## SOURCE MATERIAL
++++++++++

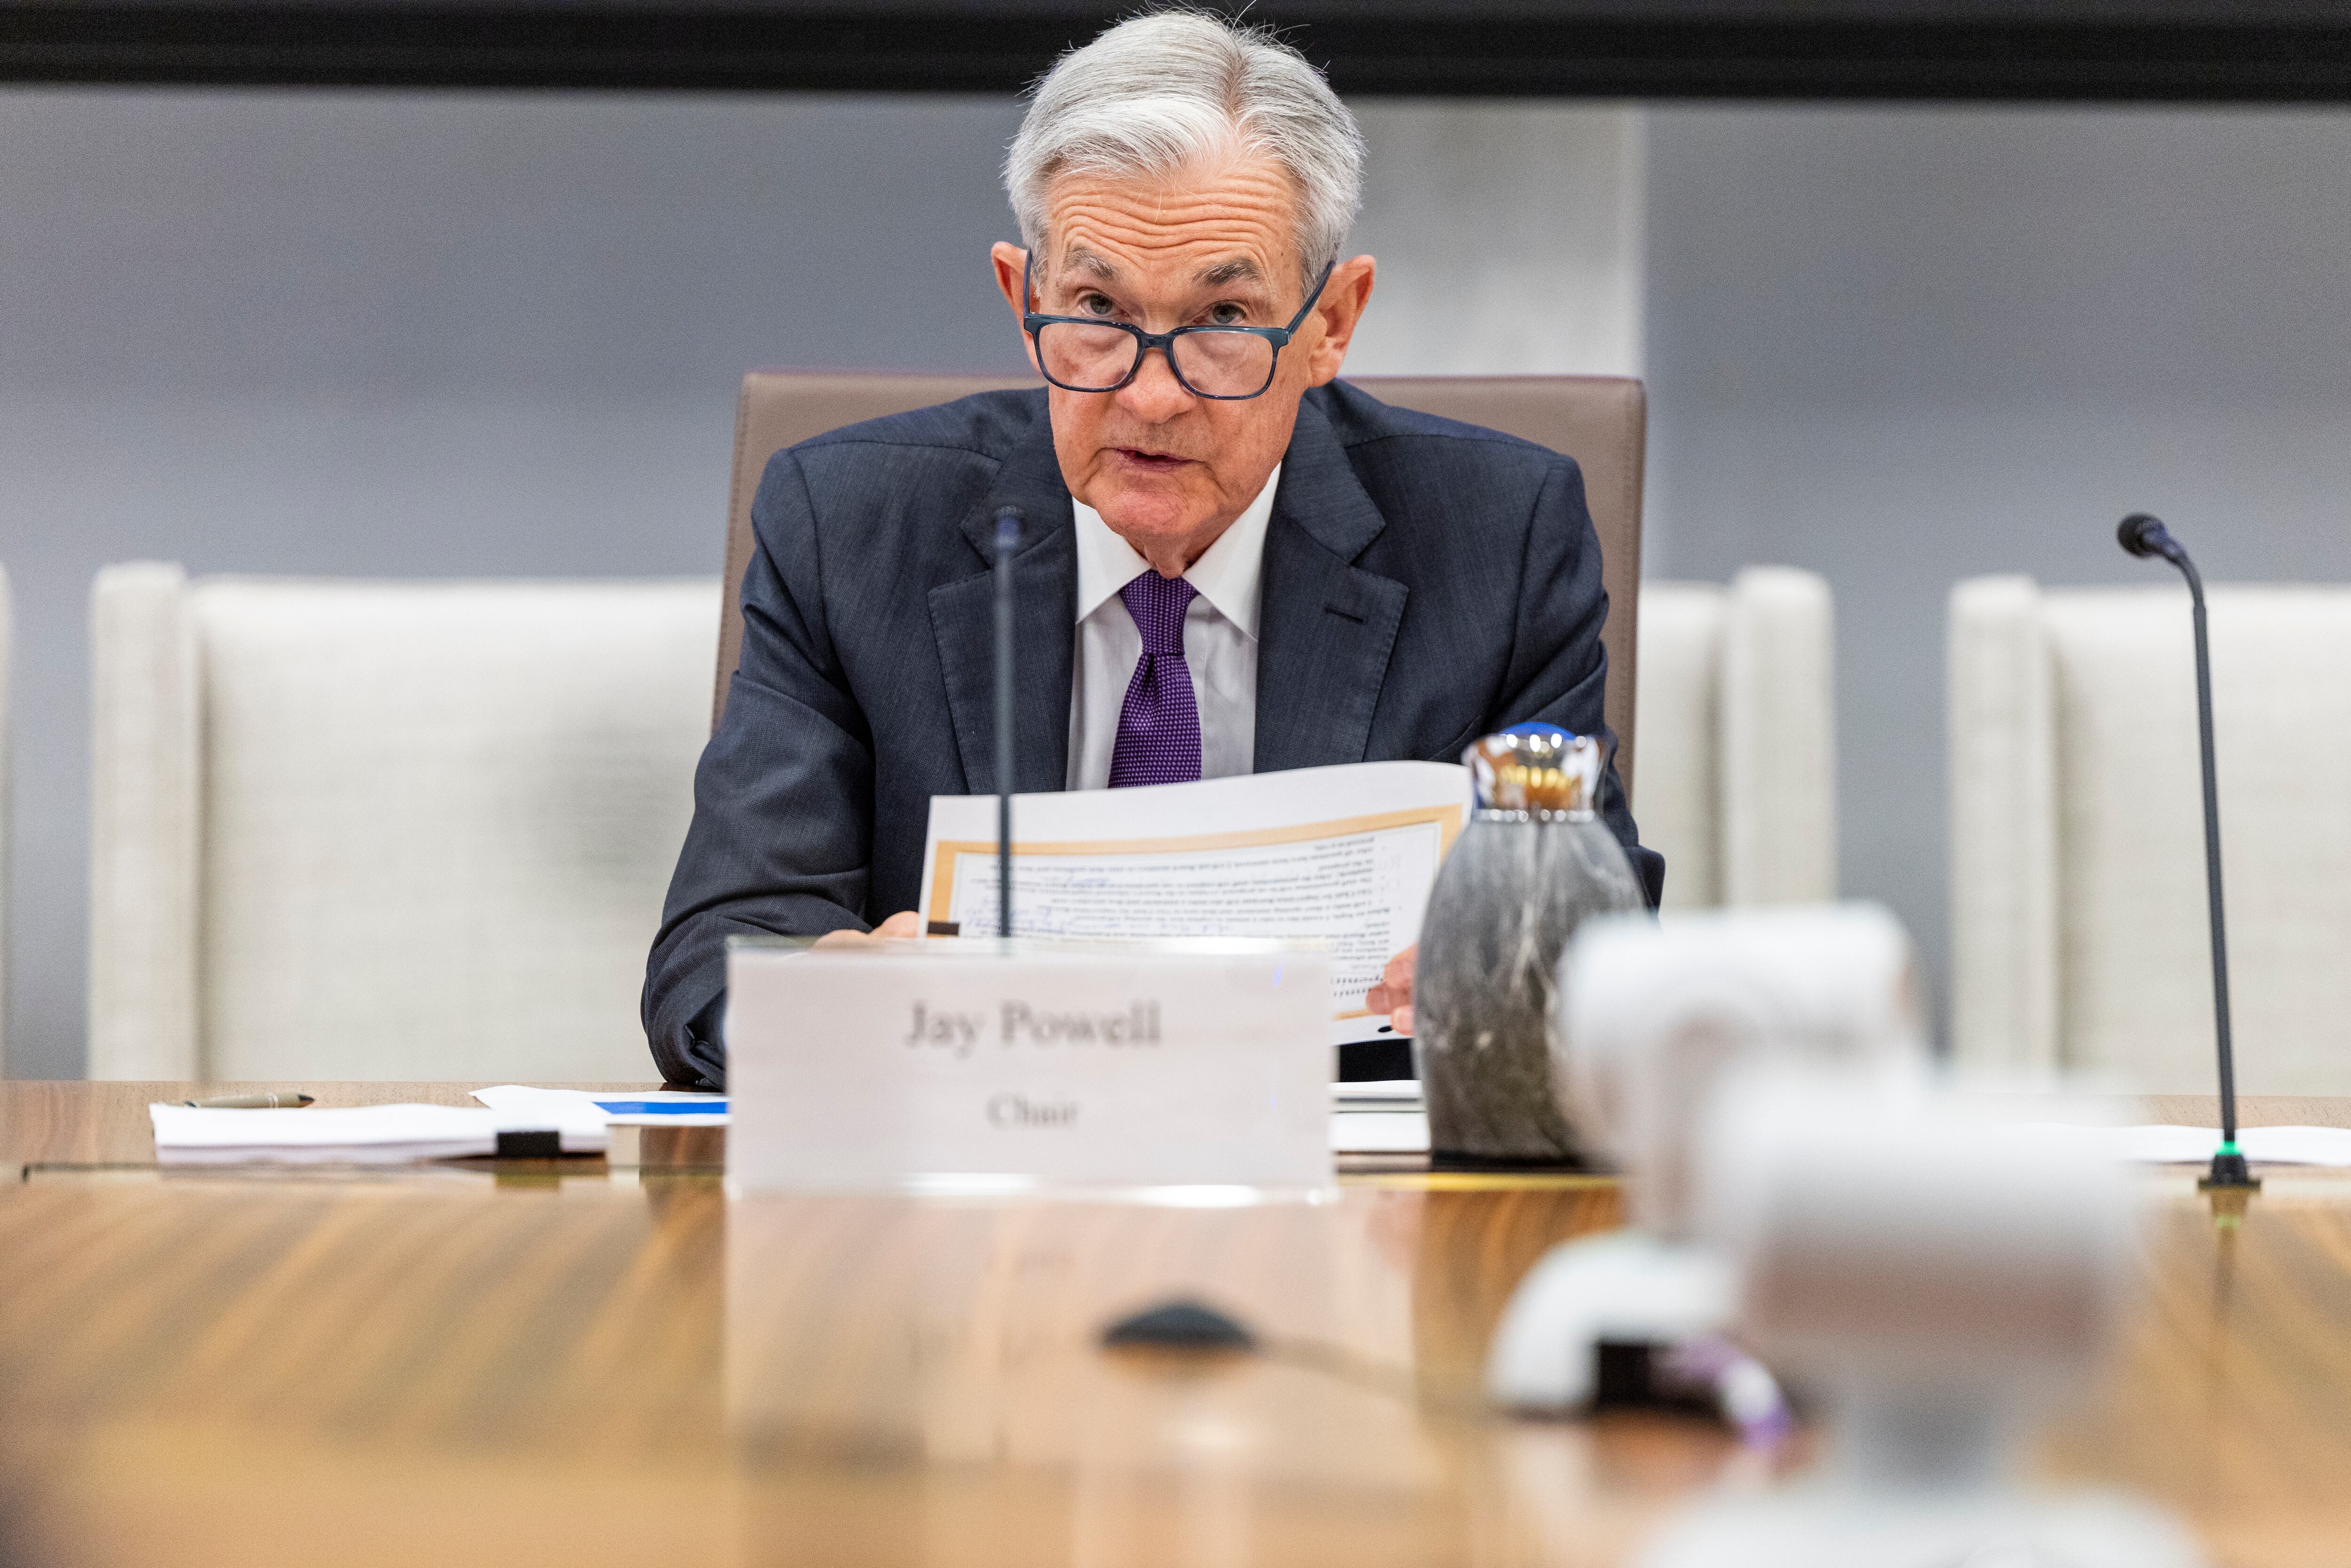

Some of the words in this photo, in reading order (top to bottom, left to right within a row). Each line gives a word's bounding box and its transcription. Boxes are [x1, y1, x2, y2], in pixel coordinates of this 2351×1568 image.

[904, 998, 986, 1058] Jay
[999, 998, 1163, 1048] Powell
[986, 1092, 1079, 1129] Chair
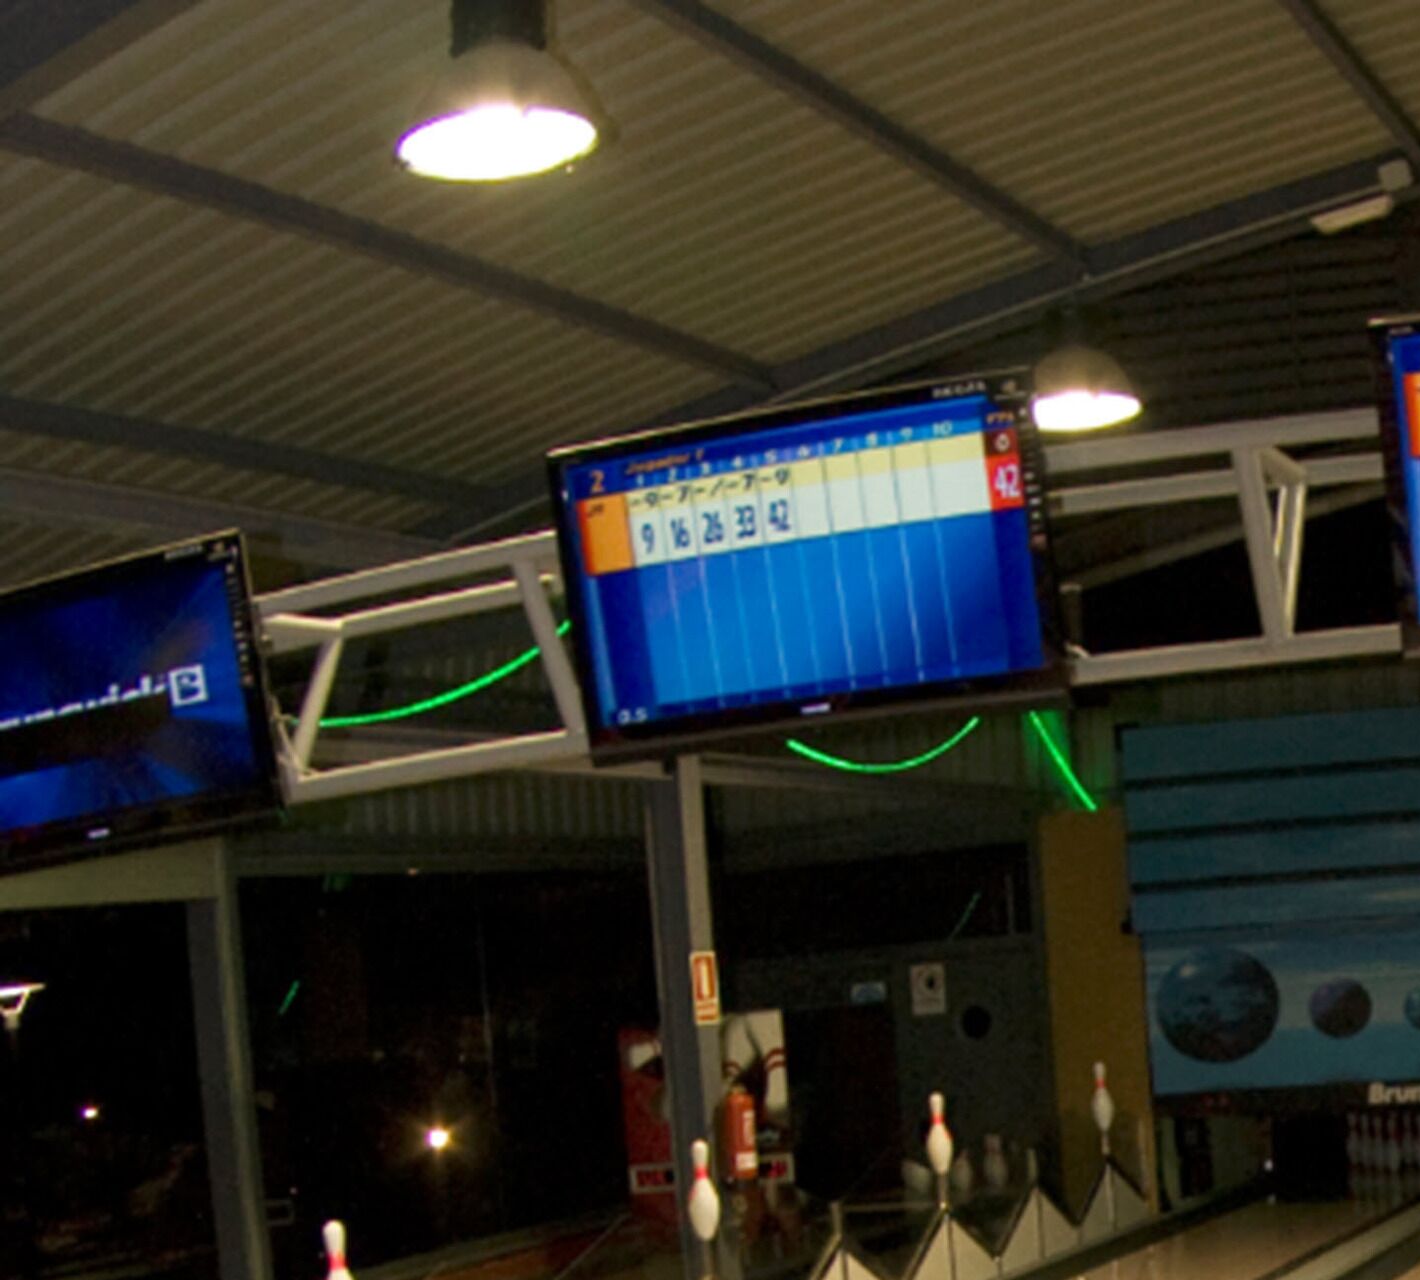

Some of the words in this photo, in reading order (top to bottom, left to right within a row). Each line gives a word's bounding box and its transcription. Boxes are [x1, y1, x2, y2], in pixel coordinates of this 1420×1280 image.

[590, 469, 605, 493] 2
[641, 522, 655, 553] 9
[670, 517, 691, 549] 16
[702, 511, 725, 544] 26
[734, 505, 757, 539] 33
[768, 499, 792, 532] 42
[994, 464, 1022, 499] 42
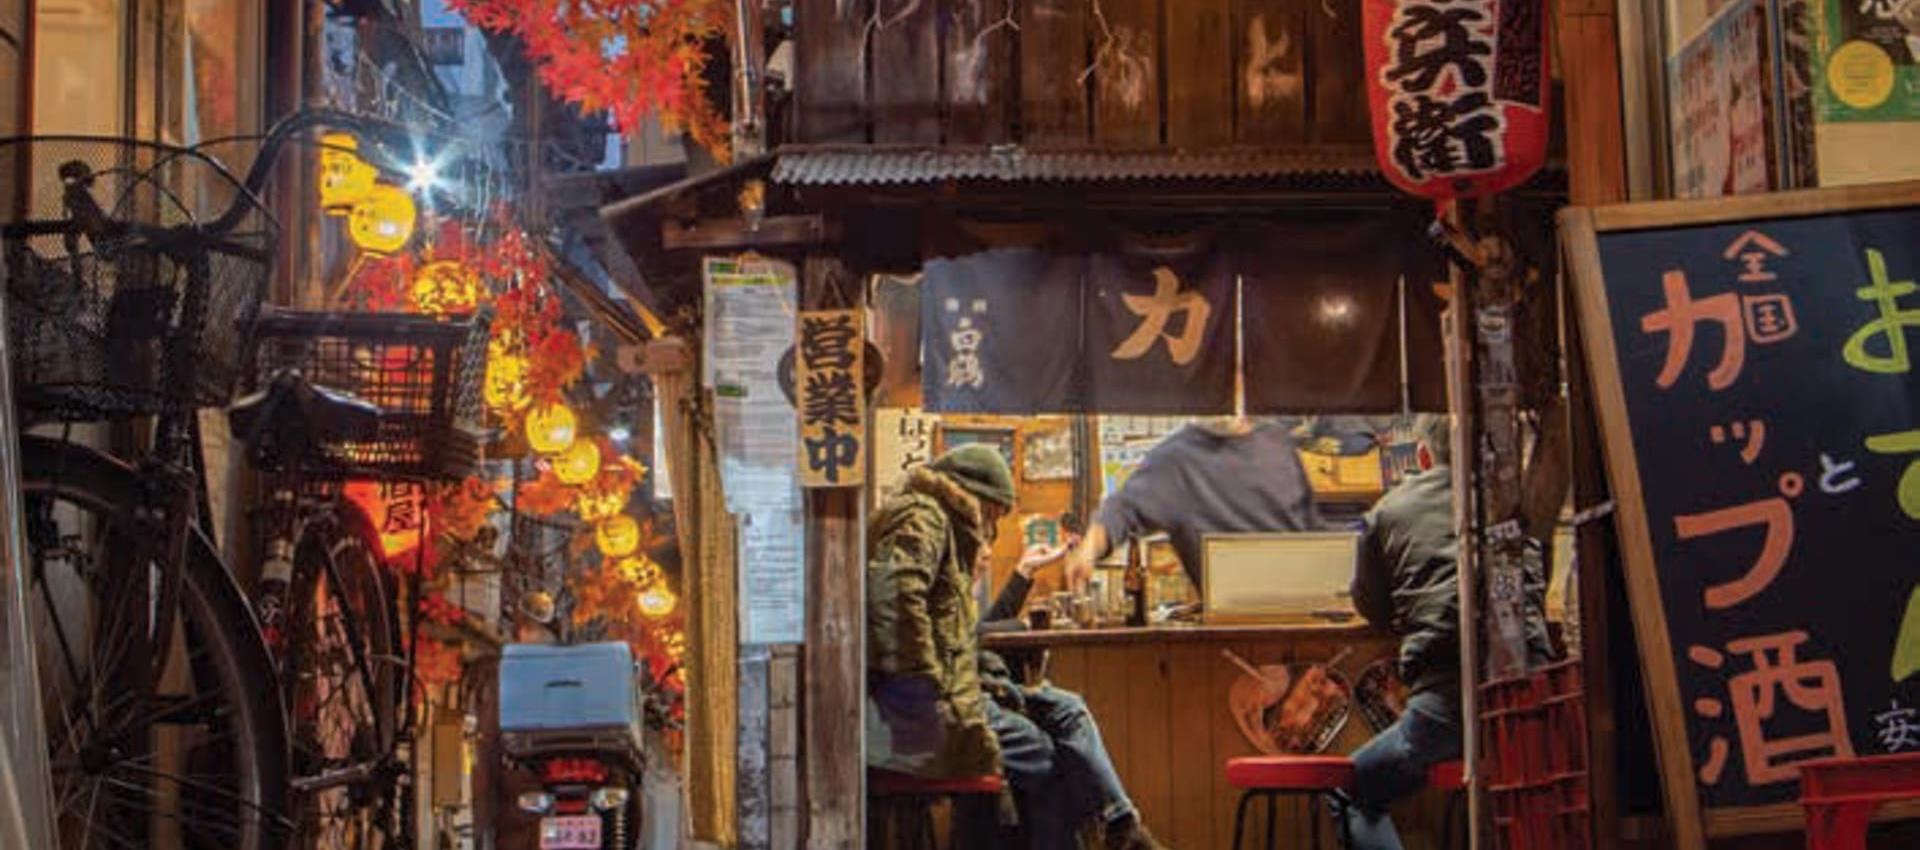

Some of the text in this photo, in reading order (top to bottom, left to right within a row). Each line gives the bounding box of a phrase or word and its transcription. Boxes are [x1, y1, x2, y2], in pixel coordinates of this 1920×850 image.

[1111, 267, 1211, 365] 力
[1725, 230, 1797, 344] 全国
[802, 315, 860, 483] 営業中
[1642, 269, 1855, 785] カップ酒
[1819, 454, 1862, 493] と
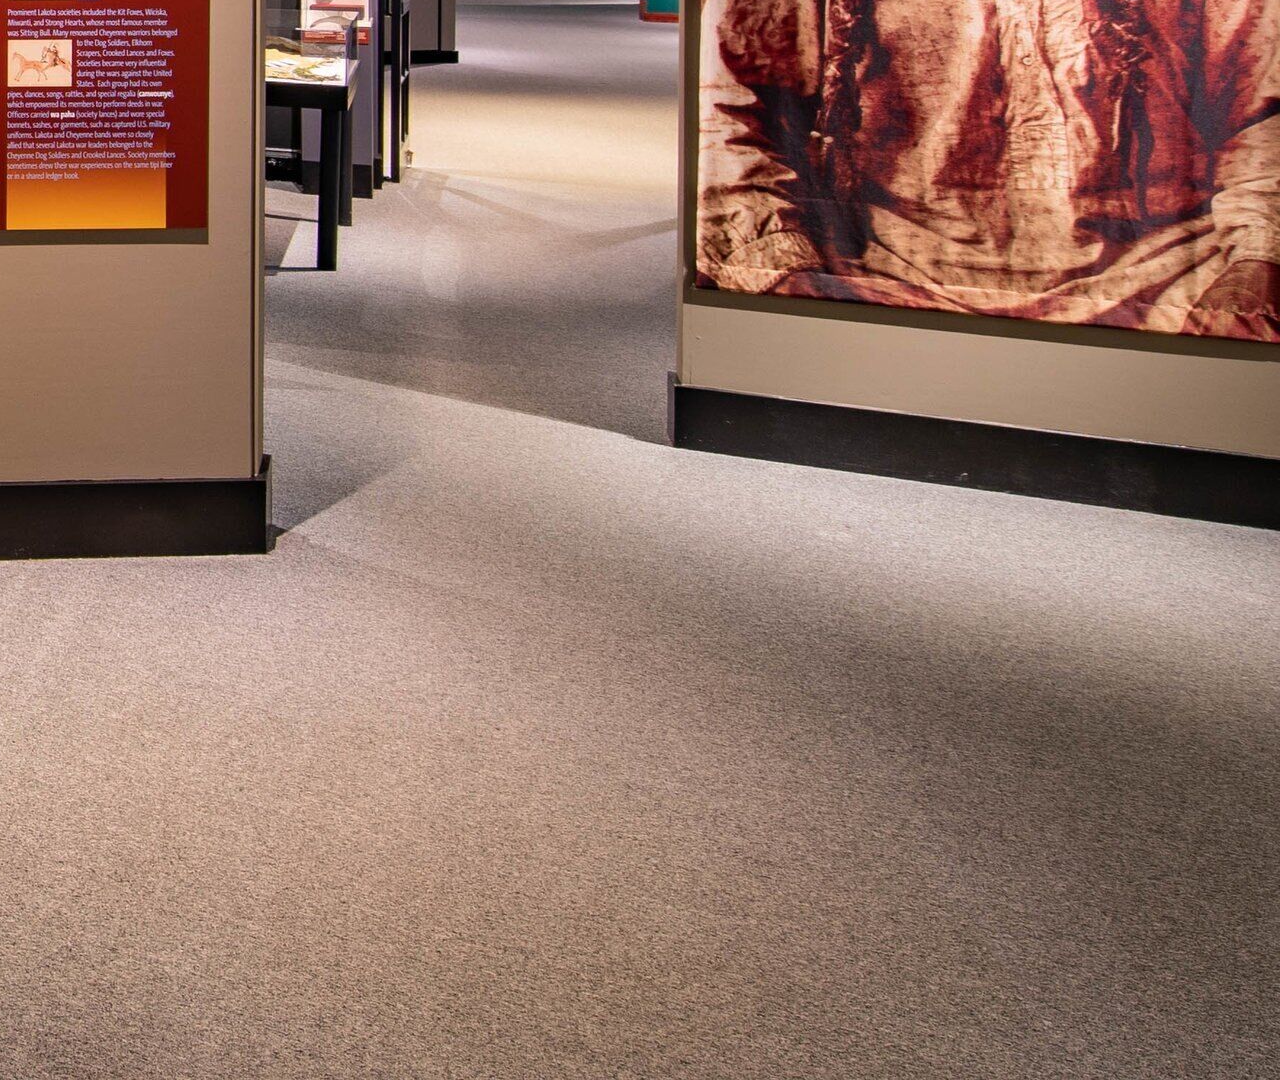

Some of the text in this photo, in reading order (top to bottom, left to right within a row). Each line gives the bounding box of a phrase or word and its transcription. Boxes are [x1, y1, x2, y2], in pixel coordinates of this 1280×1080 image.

++++++++++

## DIRECTIONS
Letter for letter, reproduce every record above and skip the pictures.

## RESULT OF THIS TASK
Some of the words in this photo, in reading order (top to bottom, left to right within a row). Each line gives a word's bounding box and its transcription. Boxes are [x1, y1, x2, y2], in pixel coordinates of this 2351×1568 image.

[904, 998, 986, 1058] Jay
[999, 998, 1163, 1048] Powell
[986, 1092, 1079, 1129] Chair

Some of the words in this photo, in reading order (top to bottom, left to right within a row). Each line gives a word's bounding box and its transcription. Boxes are [x1, y1, x2, y2], in pixel coordinates of this 1420×1280 image.

[590, 469, 605, 493] 2
[641, 522, 655, 553] 9
[670, 517, 691, 549] 16
[702, 511, 725, 544] 26
[734, 505, 757, 539] 33
[768, 499, 792, 532] 42
[994, 464, 1022, 499] 42

Some of the text in this photo, in reading order (top to bottom, left to right within a row). Each line gives the bounding box of a phrase or word and its transcription. Boxes are [x1, y1, x2, y2], in pixel coordinates of this 1920×850 image.

[1111, 267, 1211, 365] 力
[1725, 230, 1797, 344] 全国
[802, 315, 860, 483] 営業中
[1642, 269, 1855, 785] カップ酒
[1819, 454, 1862, 493] と

Some of the text in this photo, in reading order (top to bottom, left to right within a row). Each line gives the bounding box of a phrase or word and its transcription. Boxes are [x1, y1, x2, y2], in pixel coordinates of this 1280×1080 image.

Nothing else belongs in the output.